The paper proposes five implementation mechanisms:
1. AI value stewardship
2. Normatively competent agents
3. Win-win negotiation systems
4. Meaning-preserving economic mechanisms
5. Democratic regulatory institutions
This is a stronger claim than coordination-focused alignment theses, which address coordination between AI labs but not necessarily the institutional structures themselves. The key insight is that institutional misalignment (e.g., competitive pressure to skip safety measures, regulatory capture, misaligned economic incentives) can undermine even perfectly aligned individual models.
## Evidence
The paper provides architectural arguments rather than empirical validation. The claim rests on the observation that individual model alignment cannot address:
- Multi-stakeholder value conflicts where different groups have genuinely incompatible objectives
- Institutional incentive misalignment (e.g., competitive pressure to skip safety when competitors advance without equivalent constraints)

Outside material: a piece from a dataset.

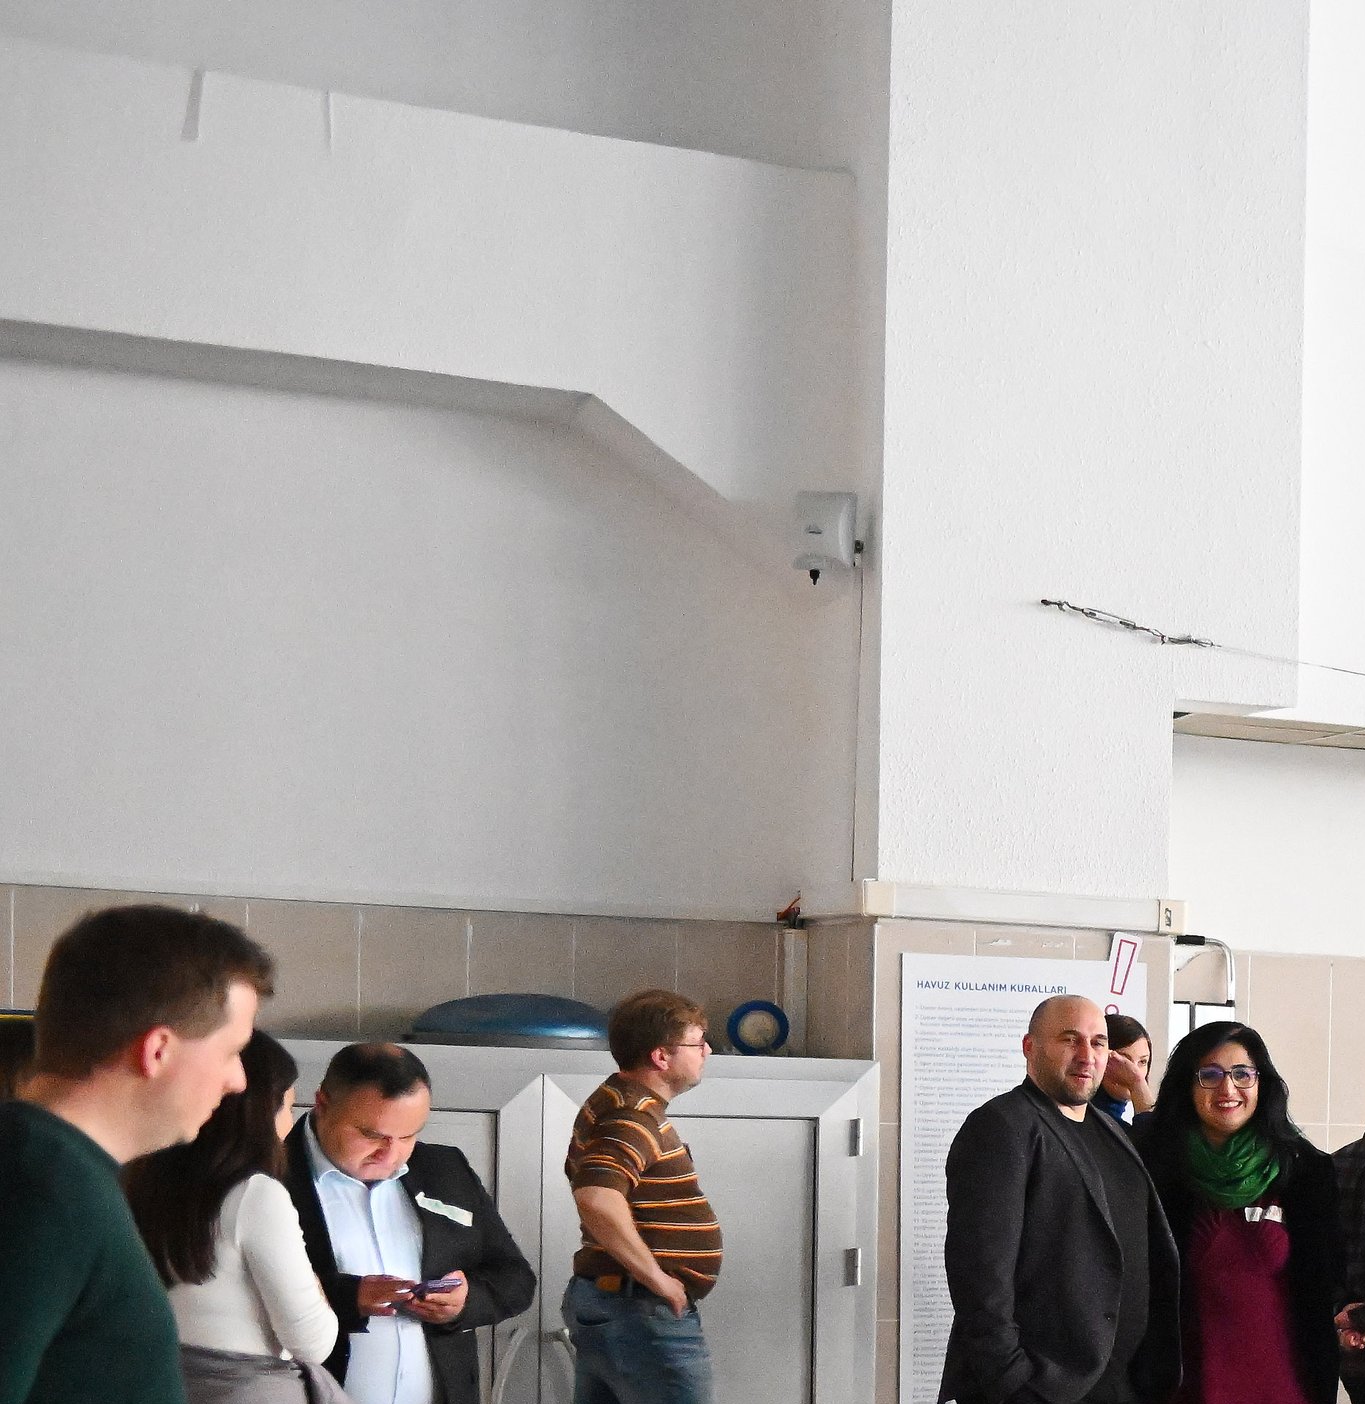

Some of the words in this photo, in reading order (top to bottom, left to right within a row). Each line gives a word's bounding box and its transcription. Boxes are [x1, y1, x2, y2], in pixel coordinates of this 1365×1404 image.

- Deployment context divergence from training conditions, which institutional structures either amplify or mitigate
- Regulatory capture and principal-agent problems within governance institutions themselves
## Limitations
No formal impossibility results or empirical demonstrations are provided. The paper is architecturally ambitious but lacks technical specificity about how institutional co-alignment would be implemented, measured, or verified. The five mechanisms are proposed as a framework but not demonstrated as sufficient or necessary.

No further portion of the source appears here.